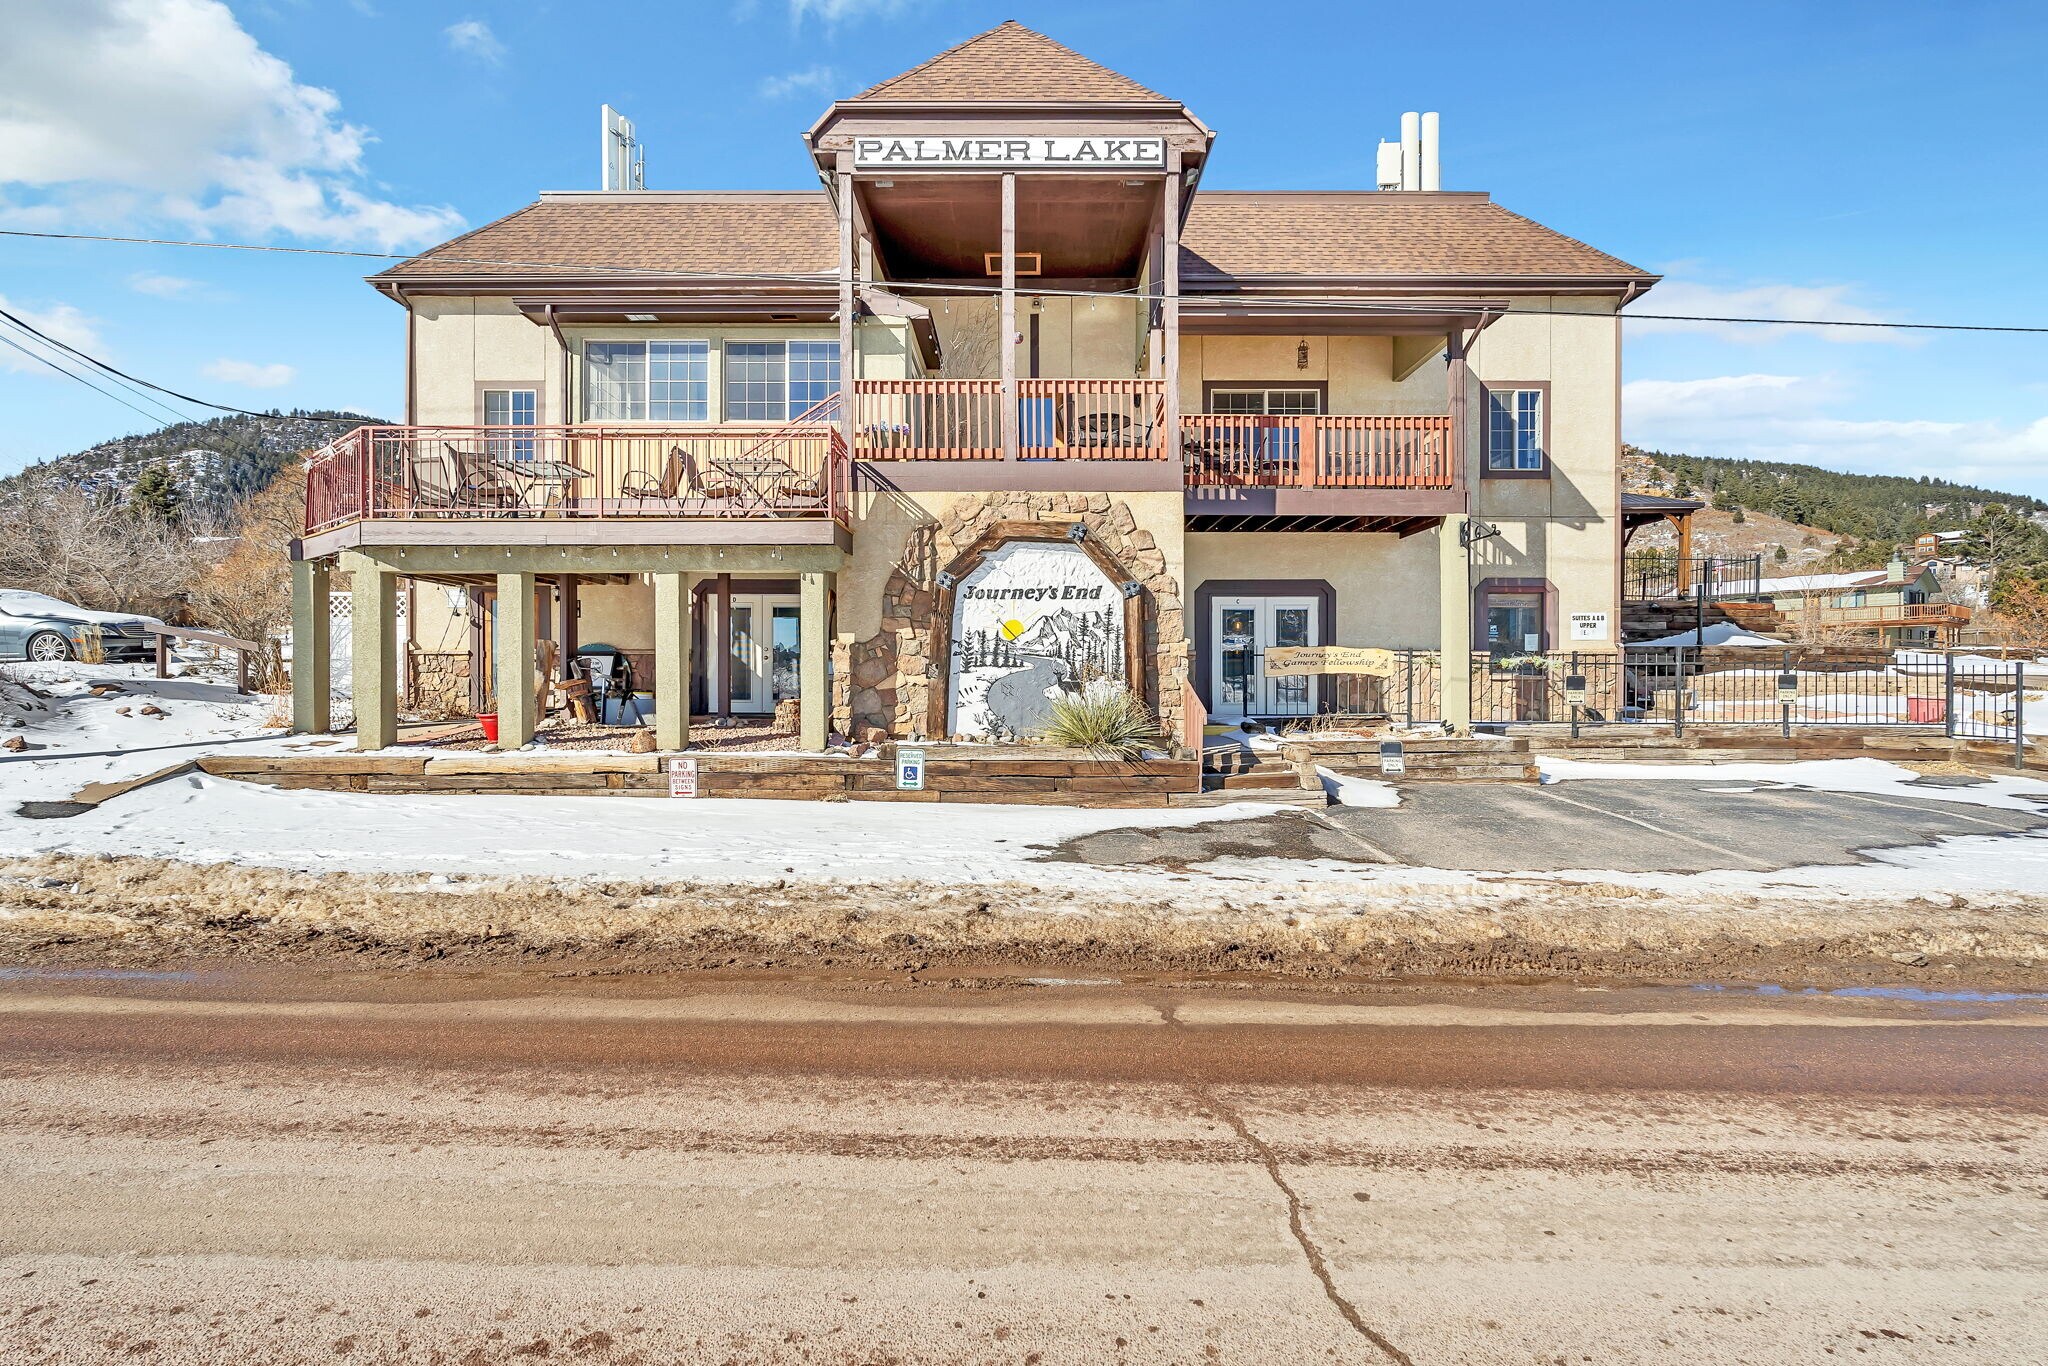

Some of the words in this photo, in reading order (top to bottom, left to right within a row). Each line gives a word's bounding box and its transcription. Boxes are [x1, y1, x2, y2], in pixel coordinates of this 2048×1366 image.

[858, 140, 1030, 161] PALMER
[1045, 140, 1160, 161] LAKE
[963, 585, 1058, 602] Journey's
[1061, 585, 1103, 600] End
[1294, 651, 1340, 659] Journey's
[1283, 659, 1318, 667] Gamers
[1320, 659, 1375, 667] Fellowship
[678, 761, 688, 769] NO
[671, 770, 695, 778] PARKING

▶ [TASK]
Set the listing down in full and exactly. Pictures within it should not appear in the copy.

▶ [TASK OUTPUT]
Some of the words in this photo, in reading order (top to bottom, left to right within a row). Each line gives a word's bounding box and its transcription. Boxes are [x1, y1, x2, y2], in pixel coordinates of this 2048×1366 image.

[858, 140, 1030, 161] PALMER
[1045, 140, 1160, 161] LAKE
[963, 585, 1058, 602] Journey's
[1061, 585, 1103, 600] End
[1294, 651, 1340, 659] Journey's
[1283, 659, 1318, 667] Gamers
[1320, 659, 1375, 667] Fellowship
[678, 761, 688, 769] NO
[671, 770, 695, 778] PARKING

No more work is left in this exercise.